Extracted material Start Marker

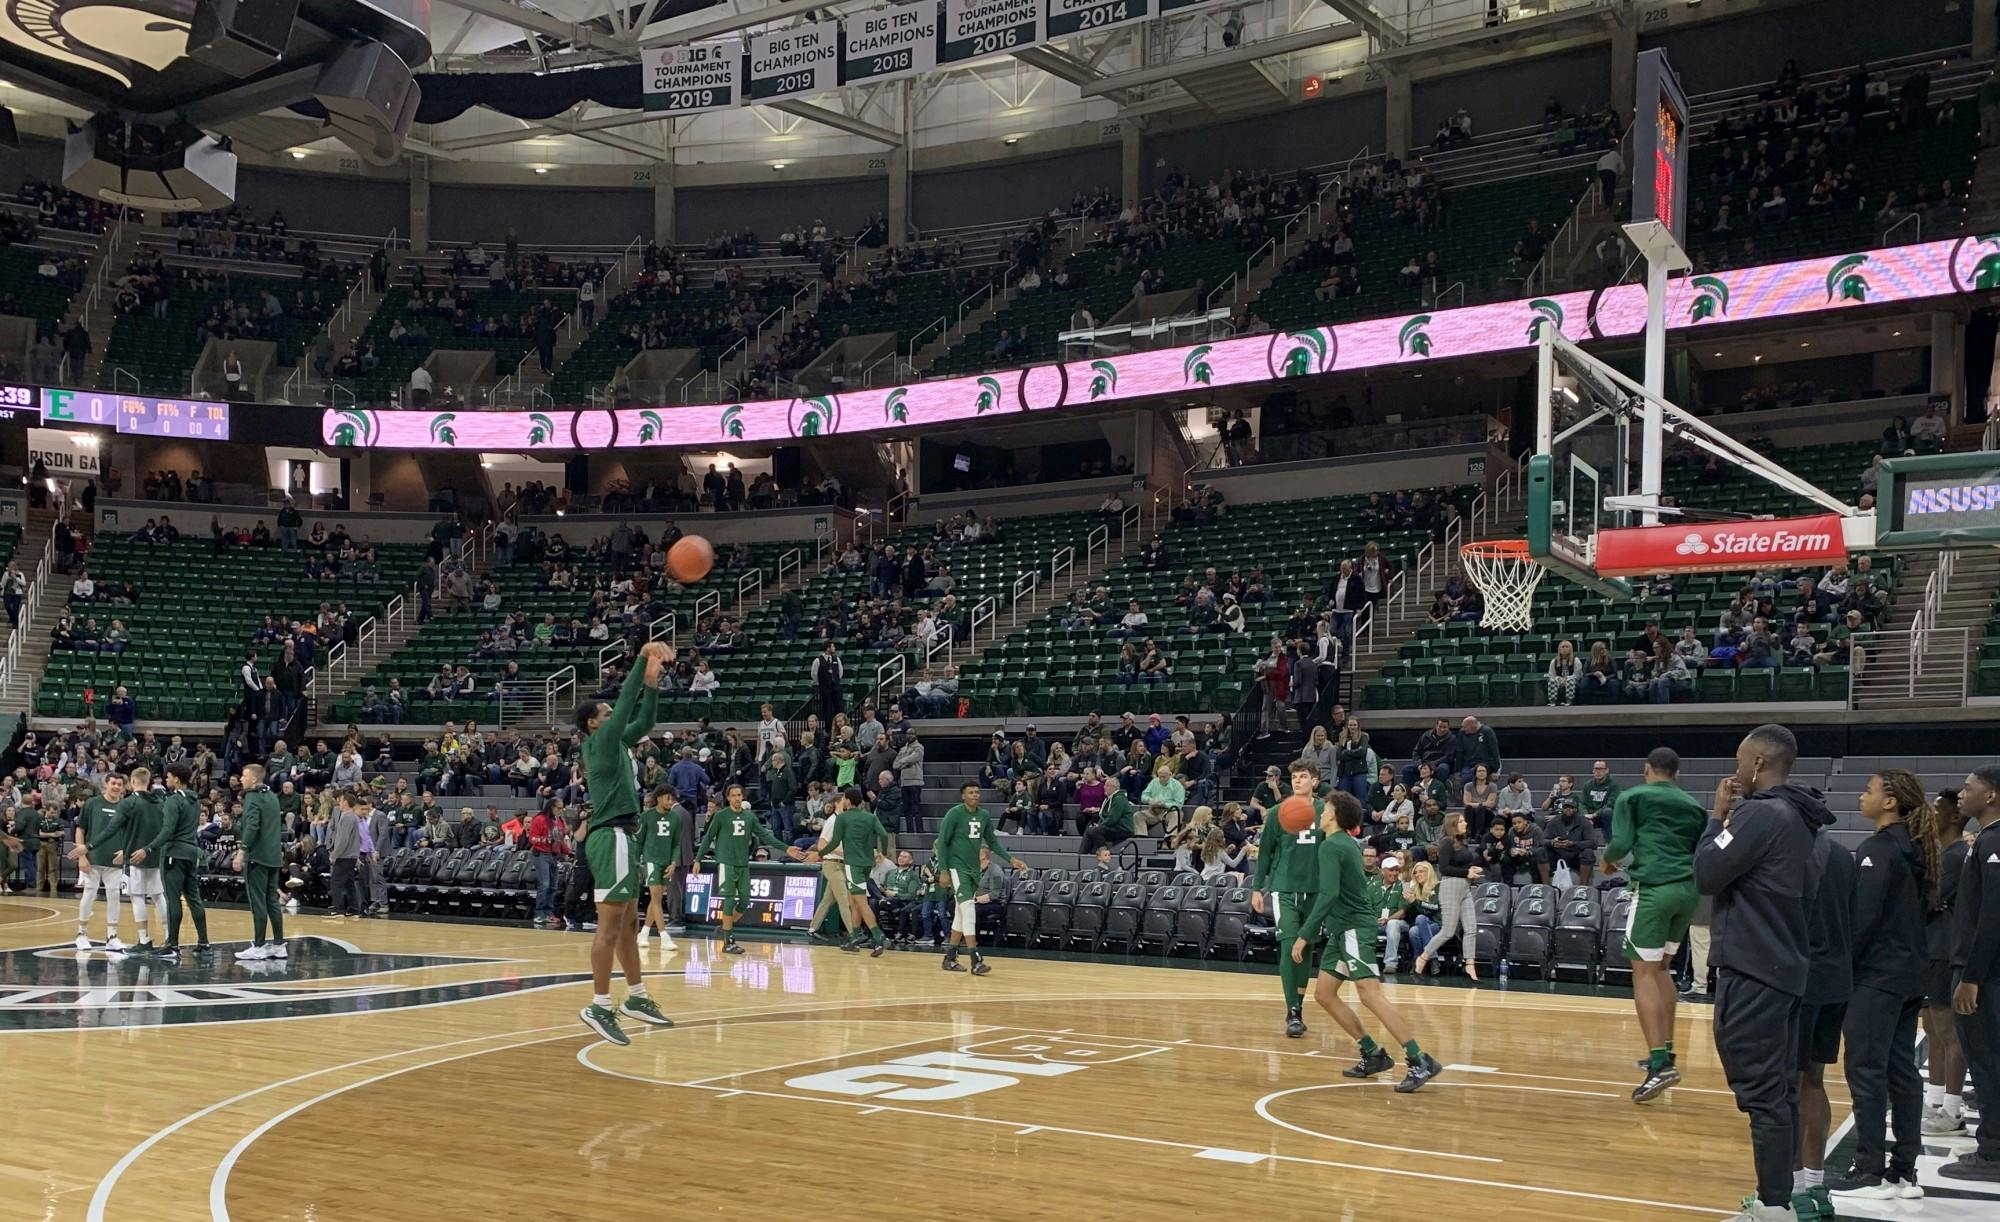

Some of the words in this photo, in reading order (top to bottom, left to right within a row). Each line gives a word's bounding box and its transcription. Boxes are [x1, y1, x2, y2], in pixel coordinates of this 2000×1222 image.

[865, 18, 888, 33] BIG
[892, 11, 918, 27] TEN
[958, 6, 1037, 36] CHAMPIONS
[1079, 1, 1127, 29] 2014
[1645, 8, 1667, 22] 228
[769, 41, 791, 54] BIG
[794, 33, 819, 47] TEN
[850, 24, 934, 53] CHAMPIONS
[973, 28, 1017, 55] 2016
[655, 61, 731, 76] TOURNAMENT
[754, 46, 835, 73] CHAMPIONS
[872, 52, 909, 73] 2018
[654, 73, 731, 90] CHAMPIONS
[776, 72, 811, 93] 2019
[669, 89, 713, 109] 2019
[1103, 125, 1121, 136] 226
[340, 158, 359, 169] 223
[868, 159, 886, 169] 225
[633, 171, 651, 182] 224
[48, 389, 74, 419] E
[90, 398, 103, 421] 0
[157, 403, 179, 417] FT%
[189, 405, 197, 417] F
[207, 406, 225, 420] TOL
[130, 416, 137, 430] 0
[163, 420, 170, 433] 0
[189, 422, 203, 435] 00
[214, 423, 222, 435] 4
[79, 455, 100, 470] GA
[1469, 462, 1485, 472] 128
[657, 820, 670, 837] E
[732, 820, 745, 836] E
[968, 821, 981, 839] E
[687, 883, 704, 893] STATE
[690, 894, 699, 913] 0
[795, 899, 803, 918] 0
[1347, 959, 1358, 972] E

Extracted material End Marker

Exercise description | Repeat the data in full, exactly as it stands, but drop every picture.

Output for this task |
Some of the words in this photo, in reading order (top to bottom, left to right within a row). Each line gives a word's bounding box and its transcription. Boxes are [x1, y1, x2, y2], in pixel coordinates of this 2000×1222 image.

[865, 18, 888, 33] BIG
[892, 11, 918, 27] TEN
[958, 6, 1037, 36] CHAMPIONS
[1079, 1, 1127, 29] 2014
[1645, 8, 1667, 22] 228
[769, 41, 791, 54] BIG
[794, 33, 819, 47] TEN
[850, 24, 934, 53] CHAMPIONS
[973, 28, 1017, 55] 2016
[655, 61, 731, 76] TOURNAMENT
[754, 46, 835, 73] CHAMPIONS
[872, 52, 909, 73] 2018
[654, 73, 731, 90] CHAMPIONS
[776, 72, 811, 93] 2019
[669, 89, 713, 109] 2019
[1103, 125, 1121, 136] 226
[340, 158, 359, 169] 223
[868, 159, 886, 169] 225
[633, 171, 651, 182] 224
[48, 389, 74, 419] E
[90, 398, 103, 421] 0
[157, 403, 179, 417] FT%
[189, 405, 197, 417] F
[207, 406, 225, 420] TOL
[130, 416, 137, 430] 0
[163, 420, 170, 433] 0
[189, 422, 203, 435] 00
[214, 423, 222, 435] 4
[79, 455, 100, 470] GA
[1469, 462, 1485, 472] 128
[657, 820, 670, 837] E
[732, 820, 745, 836] E
[968, 821, 981, 839] E
[687, 883, 704, 893] STATE
[690, 894, 699, 913] 0
[795, 899, 803, 918] 0
[1347, 959, 1358, 972] E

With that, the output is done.